On Wed, Aug 29, 2012 at 12:39 AM, Alex Brollo <alex.brollo(a)gmail.com> wrote:
As you know, wikisource needs robust, well-defined
data, and there's a
strict, deep relationship between wikisource and Commons since Commons
hosts images of books, in .djvu or .pdf files. Commons shares both images
and contents fo information page of images, so that any wiki project can
visualize a view-only "pseudo-page" accessing to a local page named as the
file name into Commons.
Working into self-made data semantization into it.wikisouce using a lot of
creative tricks, we discovered that it's hard/almost impossible to read by
AJAX calls the contents of pages of other projects since well-known same
origin policy, but that File: local pages are considered as coming from
"same origin" so that they can be read as any other local page, and this
AJAX call asking for the content of
i.e. File:Die_Judenfrage_in_Deutchland_1936.djvu:
html=$.ajax({url:"
http://wikisource.org/wiki/File:Die_Judenfrage_in_Deutchland_1936.djvu
",async:false}).responseText;
gives back the html text of local File: view-only page, and this means that
any data stored into information page into Commons is freely accessible by
a javascript script and can easily used locally. In particular, data stored
into information and/or (much better) Book and Creator templates can be
retrieved and parsed
Has this been described/used before? It seems a plain, simple way to share
and disseminate good, consistent metadata into any project; and this runs
from today, without any change on current wiki software.
[..]
You can also do this more directly using JSON with callback - Define a
function foo, and put
http://commons.wikimedia.org/w/api.php?action=parse&page=Main_Page&…

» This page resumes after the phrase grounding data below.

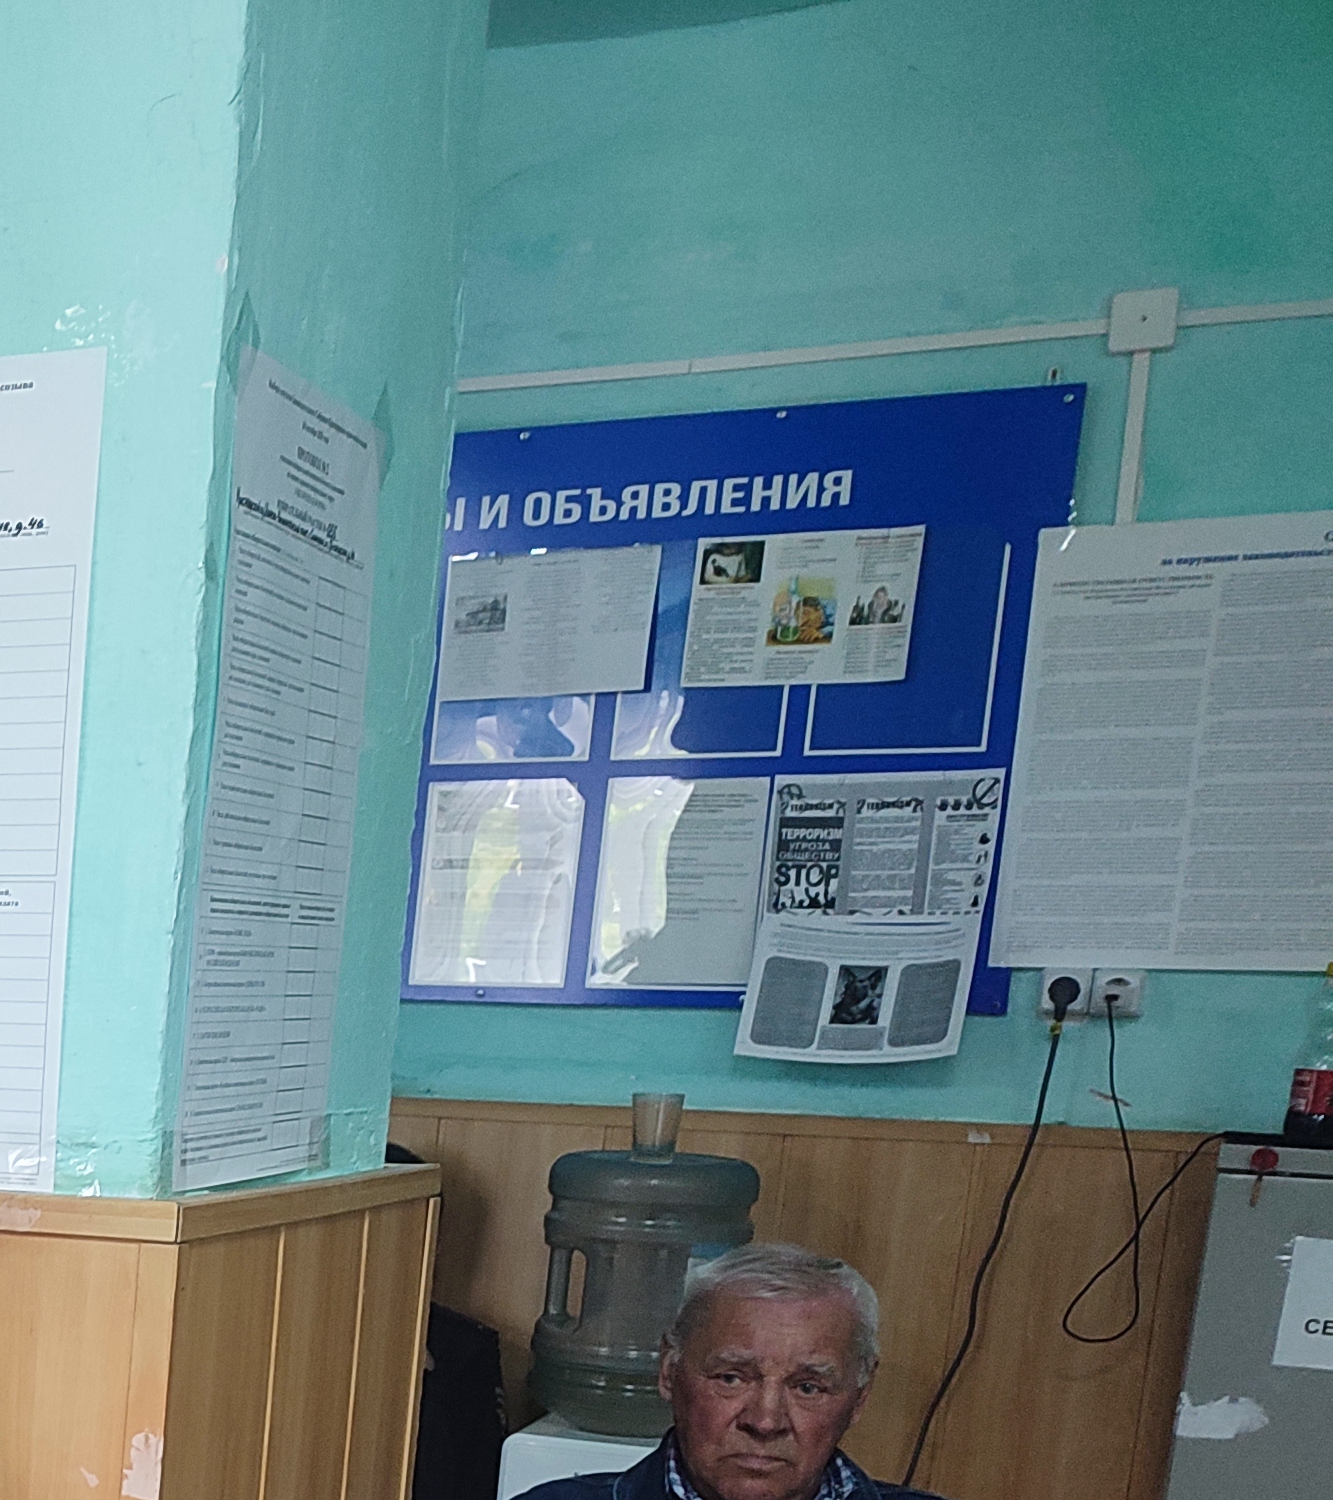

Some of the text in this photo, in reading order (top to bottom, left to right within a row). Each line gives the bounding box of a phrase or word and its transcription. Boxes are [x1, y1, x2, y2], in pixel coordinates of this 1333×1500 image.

[479, 494, 510, 529] И
[523, 469, 853, 527] ОБЪЯВЛЕНИЯ
[781, 828, 843, 840] ТЕРРОРИЗМ
[774, 864, 840, 887] STOP
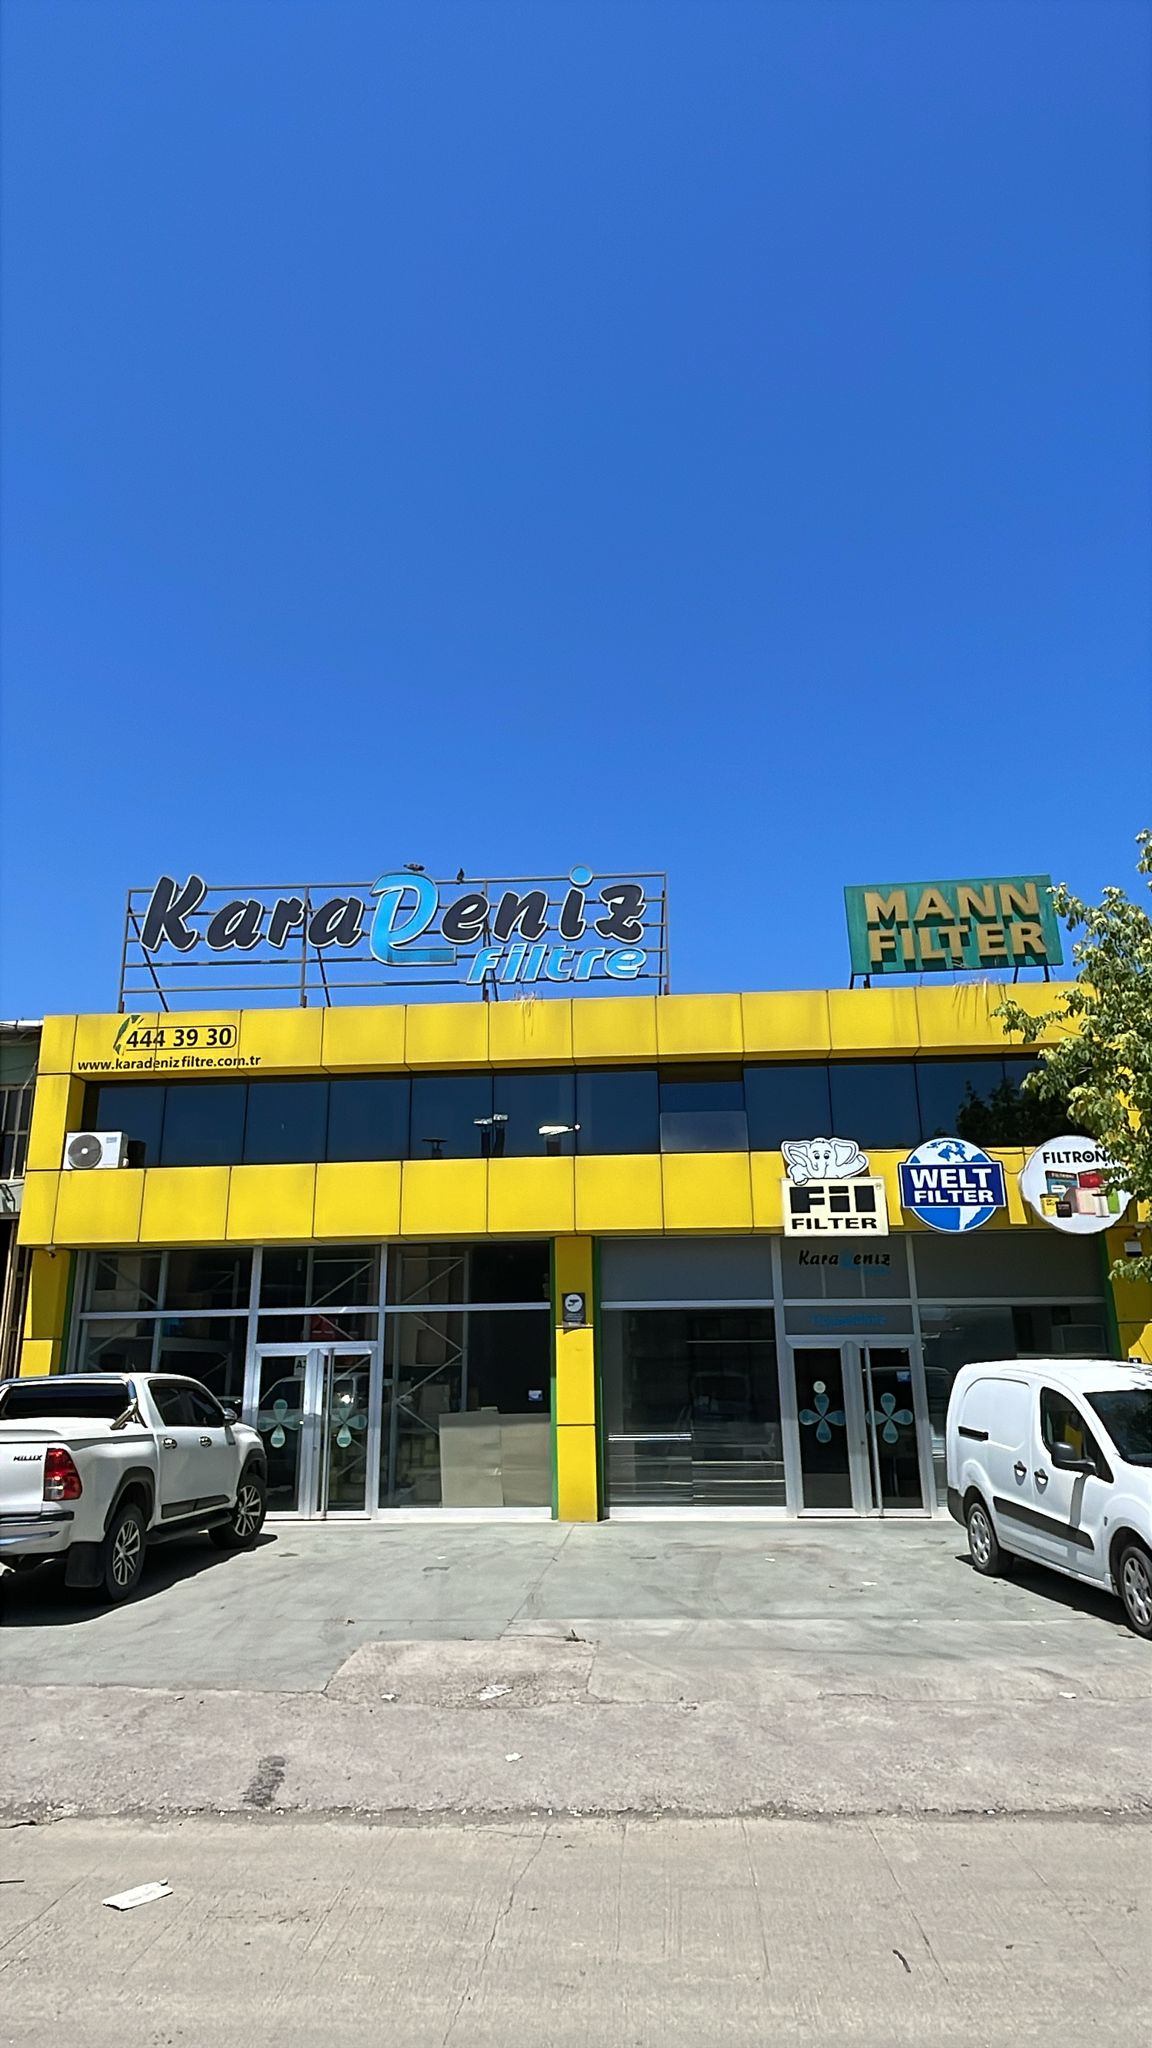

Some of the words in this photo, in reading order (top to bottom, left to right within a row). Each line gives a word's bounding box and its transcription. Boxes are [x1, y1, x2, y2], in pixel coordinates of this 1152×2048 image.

[864, 882, 1040, 922] MANN
[867, 921, 1047, 963] FILTER
[466, 943, 647, 985] filtre
[126, 1030, 166, 1048] 444
[173, 1029, 199, 1047] 39
[206, 1028, 232, 1046] 30
[78, 1055, 261, 1070] www.karadenizfiltre.com.tr
[1042, 1150, 1107, 1164] FILTRON
[910, 1168, 992, 1189] WELT
[914, 1189, 994, 1203] FILTER
[791, 1217, 877, 1230] FILTER
[798, 1248, 891, 1271] Karaeniz

as the src of the script tag. This works for certain "safe" api
methods. In future we may support CORS which will allow full
cross-origin js requests between Wikimedia sites
However, I think the main issue is that people want to do more things
with metadata than just retrieving the information with js. I suppose
it all boils down to use-cases. I'll admit I'm not overly familiar
with Wikisource's metadata use case.